There was a lot of coverage on Zambia this week, after a Chinese company Zesco won a $334m contract to extend power lines in the country. This seems to have reignited the debate over China’s involvement in the country, with academics on both sides of the argument producing articles on the relative faults and merits of Chinese interaction, in the Lusaka Times.
The featured article this week from that publication however refers again to the Collum coal mine, where Chinese managers injured a number of workers late in 2010. What I did not see reported at the time however, was that a Chinese manager had been killed by a Zambian worker as recently as February of last year. Although this in no way excuses the actions of the Chinese managers, it certainly seems relevant to the discussion. It again highlights Beijing’s failure to properly manage the media impact of their African misadventures.

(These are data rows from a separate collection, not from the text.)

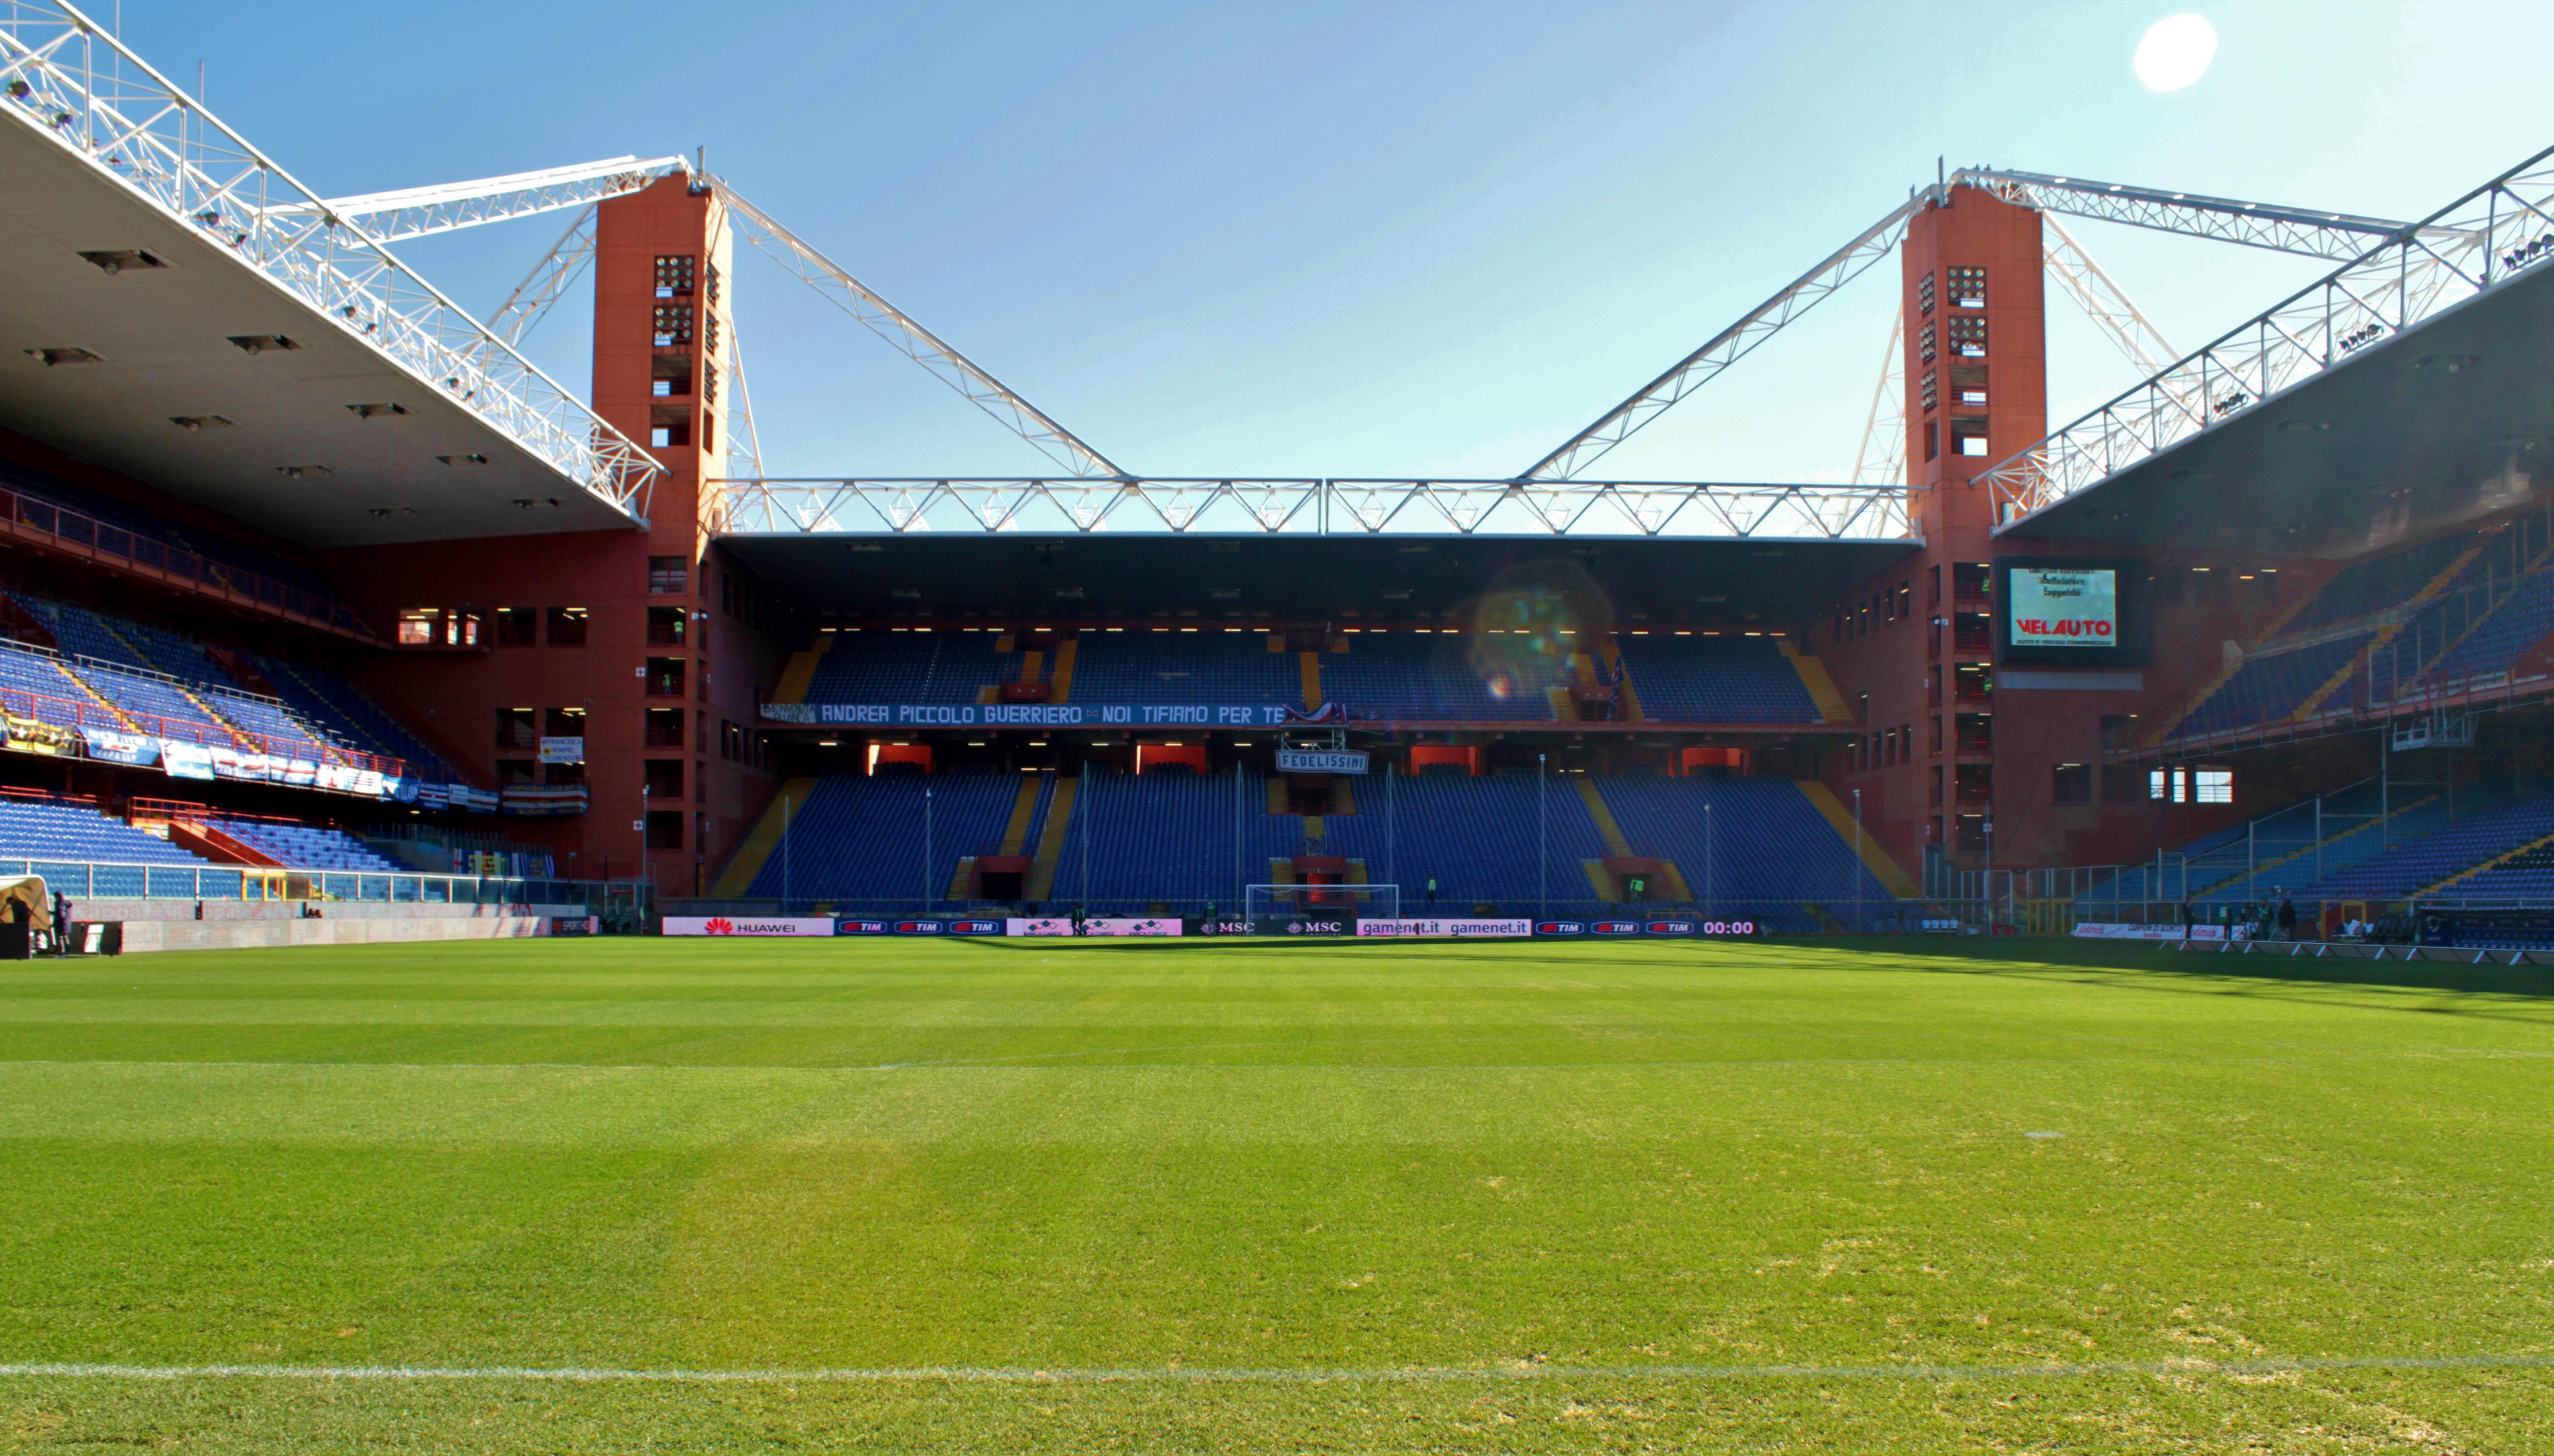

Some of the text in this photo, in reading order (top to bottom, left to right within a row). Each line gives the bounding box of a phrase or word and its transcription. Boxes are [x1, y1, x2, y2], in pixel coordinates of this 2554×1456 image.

[2016, 619, 2112, 636] VELAUTO
[822, 705, 1285, 724] ANDREA PICCOLO GUERRIERO NOI TIFIAMO PER TE
[1283, 755, 1363, 768] FEDELISSIMI
[1219, 923, 1255, 931] MSC
[1306, 922, 1341, 931] MSC
[1451, 921, 1526, 935] gamenet.it
[1704, 922, 1753, 934] 00:00
[2191, 926, 2219, 938] ederici
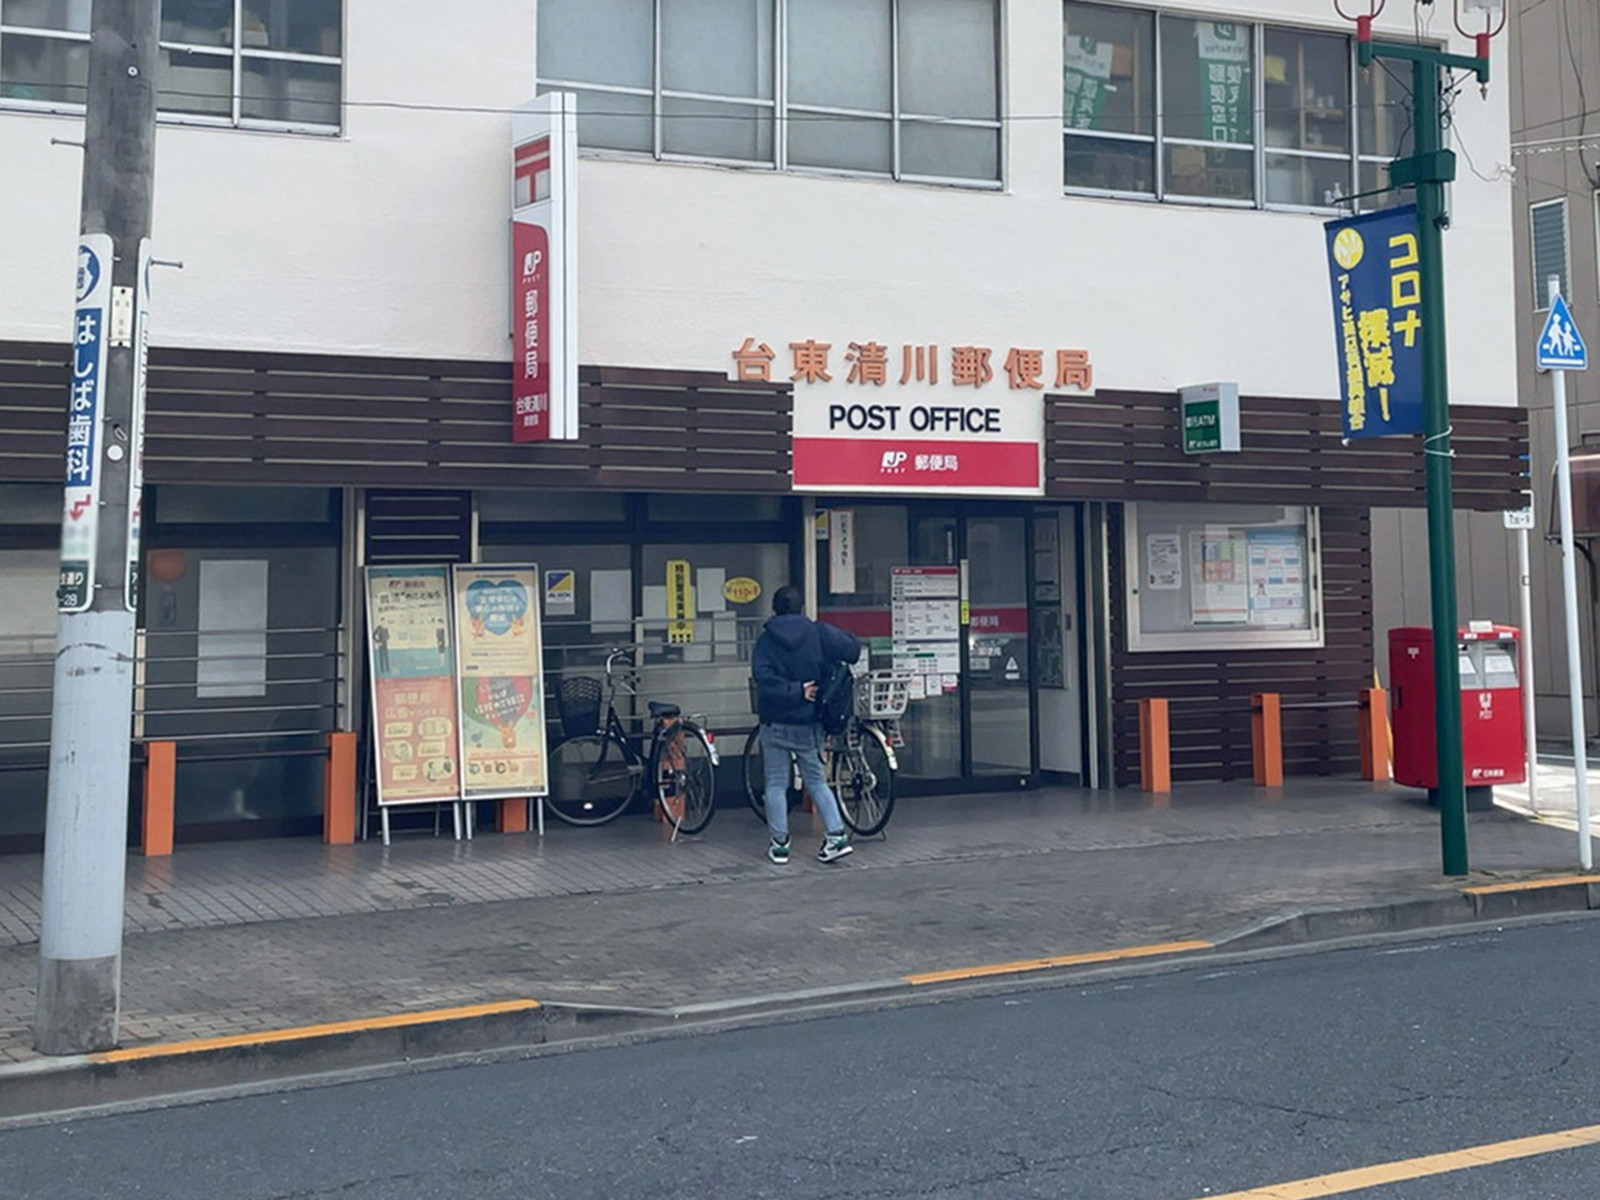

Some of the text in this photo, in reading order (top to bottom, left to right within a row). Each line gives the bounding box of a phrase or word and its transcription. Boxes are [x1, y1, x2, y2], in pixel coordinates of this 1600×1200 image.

[1388, 232, 1422, 348] コロナ
[524, 289, 539, 379] 郵便局
[731, 337, 1094, 391] 台東清川郵便局
[828, 403, 1001, 433] POST OFFICE
[914, 454, 958, 472] 郵便局
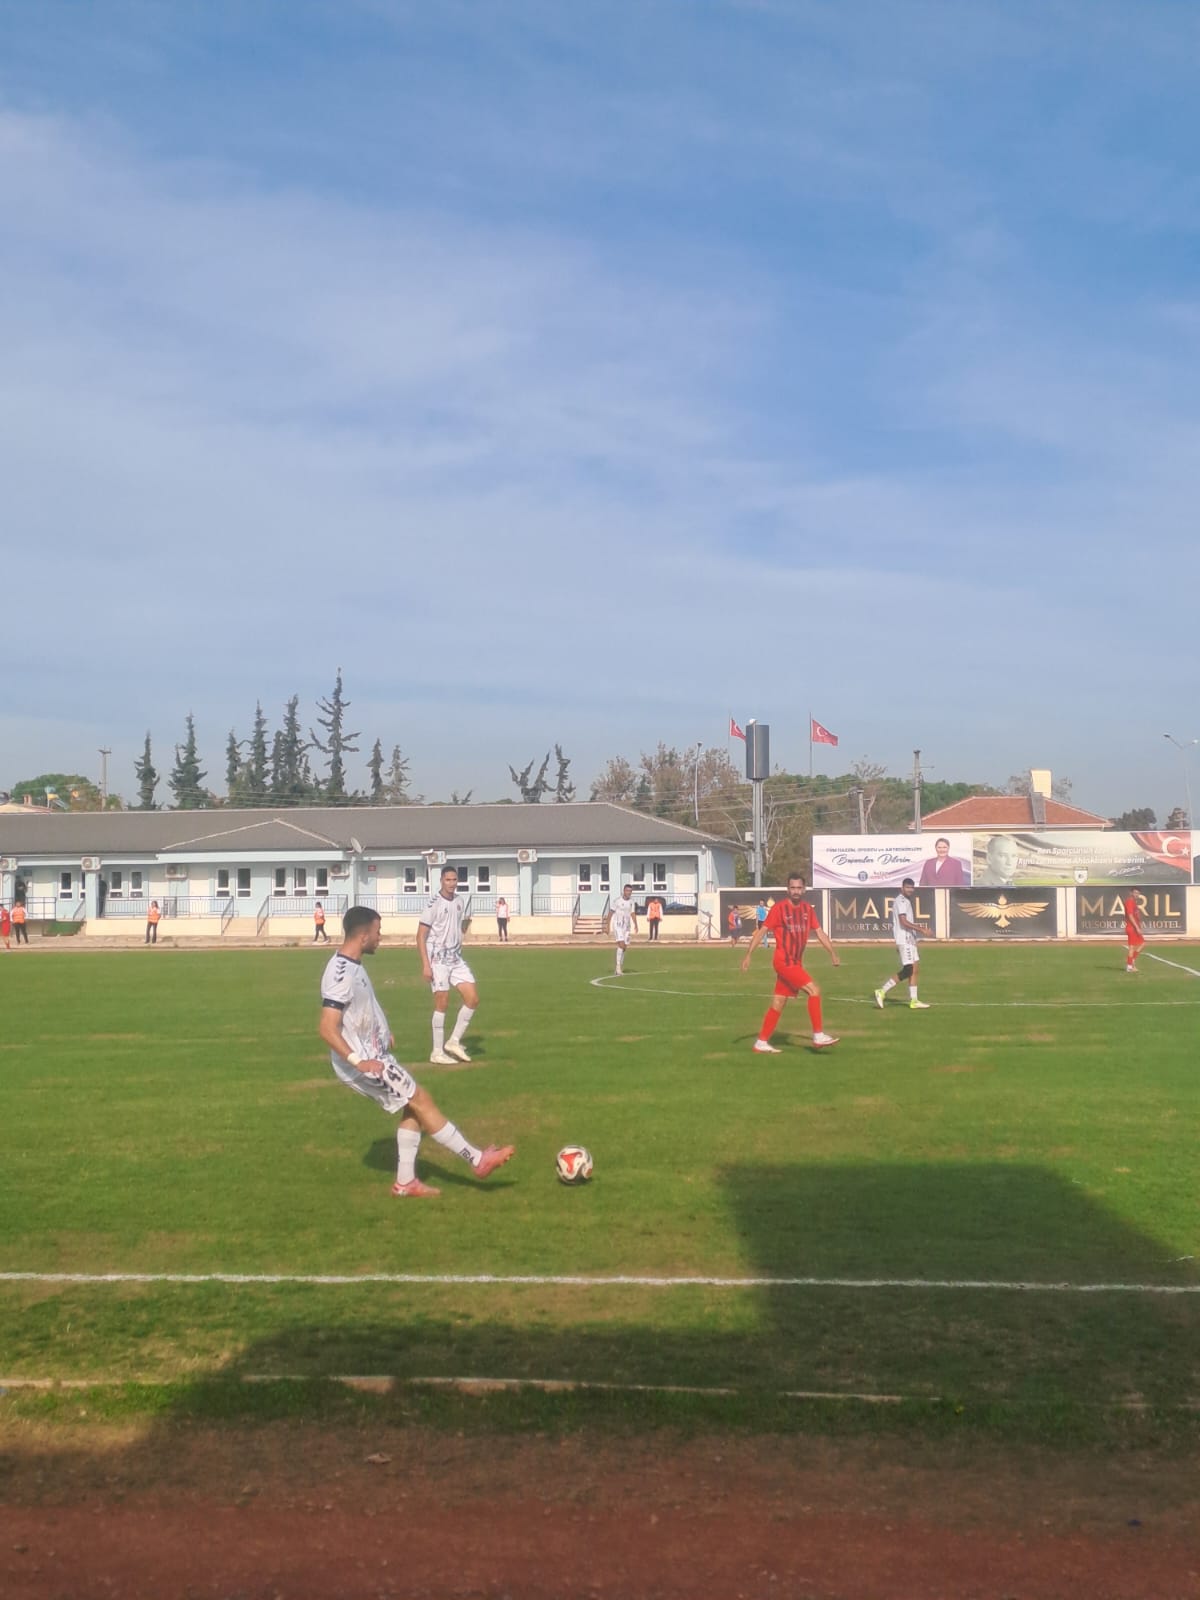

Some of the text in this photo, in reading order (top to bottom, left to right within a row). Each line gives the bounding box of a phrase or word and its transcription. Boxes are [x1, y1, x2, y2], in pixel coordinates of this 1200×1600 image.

[836, 922, 870, 931] RESORT
[872, 922, 879, 931] &
[1082, 920, 1118, 929] RESORT
[1120, 920, 1127, 929] &
[1149, 920, 1181, 929] HOTEL

Light relief this week is provided by Africa News who report that China’s efforts to rescue prostitutes from Africa are proving largely unsuccessful, due to the opportunities provided by a life of prostitution mixed with import/export. The report centres on a Chinese girl promised a better life in Europe, who ended up in prostitution in a Kareoke bar in Kinshasa. However when questioned the girl confirms that she is happy in DRC, and feels the opportunities are better than those offered in China. Last week’s article on the immorality of Chinese competition for aid funds is put into perspective here.
Although some provinces experience heady export led growth, huge areas of China’s interior are still extremely poor. Opportunities for petty trading for Chinese in Africa continue to tempt large numbers to emigrate. This is a well established pattern for hundreds of years, as poor Chinese traders create a trading class in poorer neighbours (Malaysia, Indonesia, Thailand etc.).
Increasingly China is replacing the West in African aspirations. One frequently reads eulogies to China’s anticorruption measures and tough stance on on criminal law. This theme is extended this week in Ghana Web, this time focused on the merits of China’s political system. The article below celebrates the meritocracy and long termism of China’s political appointments. This taps in to the well ploughed argument over whether democracy works in Africa, but it also jars against the Washington Consensus and its relevance to the continent.
The USA’s legitimacy in Africa is further questioned in the South China Morning Post, drawing on a study from the Hong Kong University for Science and Technology. The study shows that the US is a far worse exponent of arms sales to autocratic regimes, although it seems this is heavily influenced by enormous arms sales to Egypt.